*Try it*. Each record below should be returned word for word, with no pictures included.

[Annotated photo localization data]
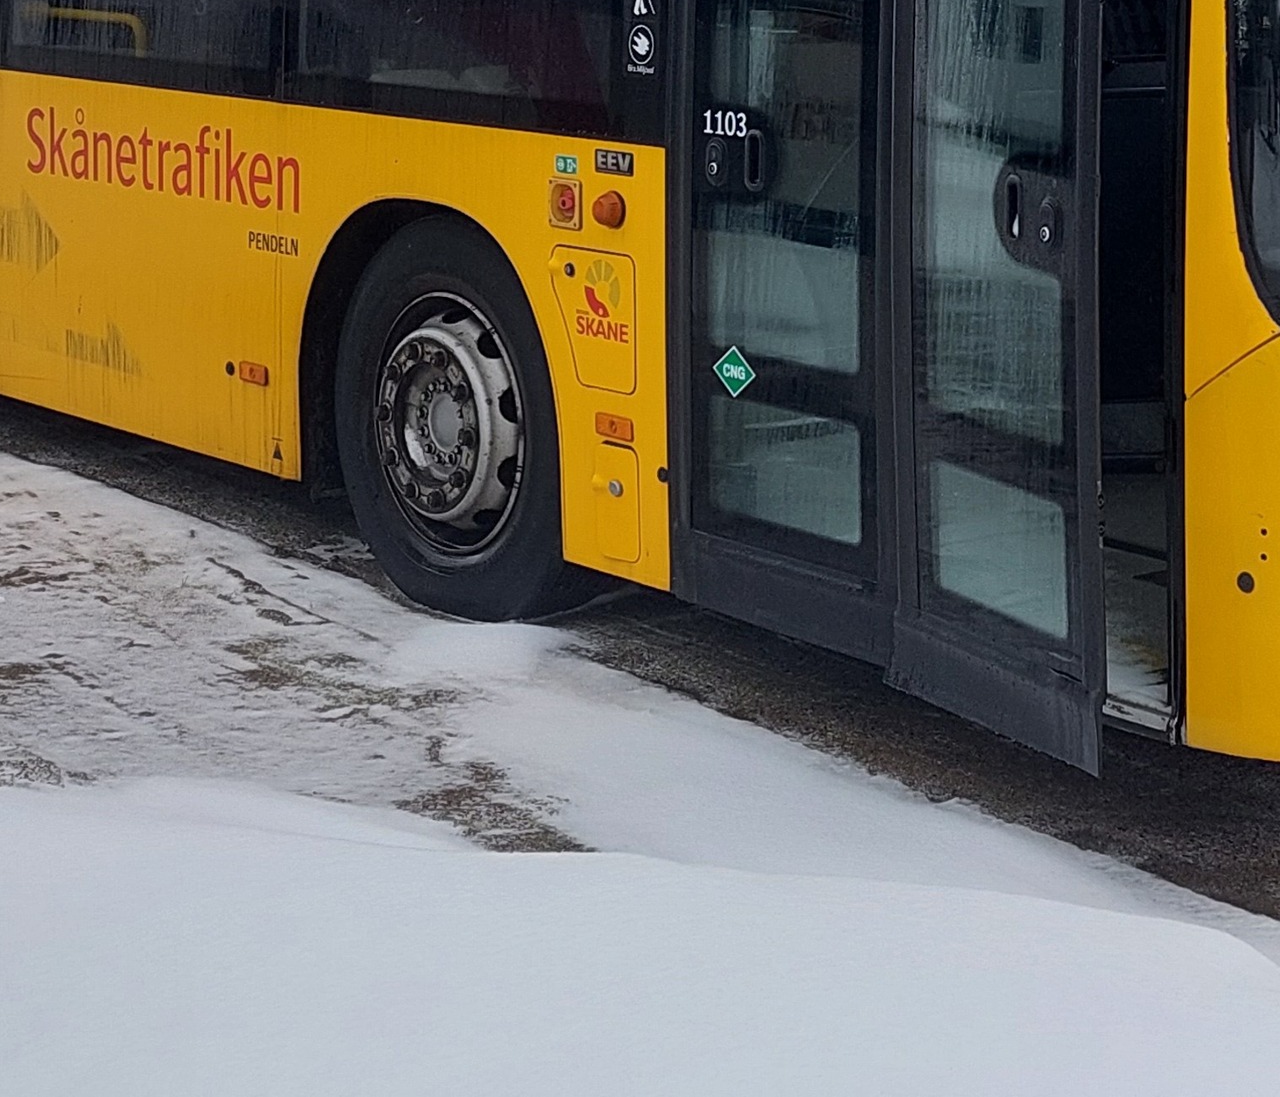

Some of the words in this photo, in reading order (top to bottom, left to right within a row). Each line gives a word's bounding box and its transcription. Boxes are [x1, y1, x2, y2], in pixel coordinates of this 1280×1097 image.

[703, 108, 747, 138] 1103
[26, 106, 301, 214] Skånetrafiken
[596, 150, 632, 172] EEV
[248, 230, 299, 257] PENDELN
[723, 365, 746, 380] CNG

*Answer section*.
Some of the words in this photo, in reading order (top to bottom, left to right within a row). Each line gives a word's bounding box and its transcription. Boxes are [x1, y1, x2, y2], in pixel coordinates of this 1280×1097 image.

[703, 108, 747, 138] 1103
[26, 106, 301, 214] Skånetrafiken
[596, 150, 632, 172] EEV
[248, 230, 299, 257] PENDELN
[723, 365, 746, 380] CNG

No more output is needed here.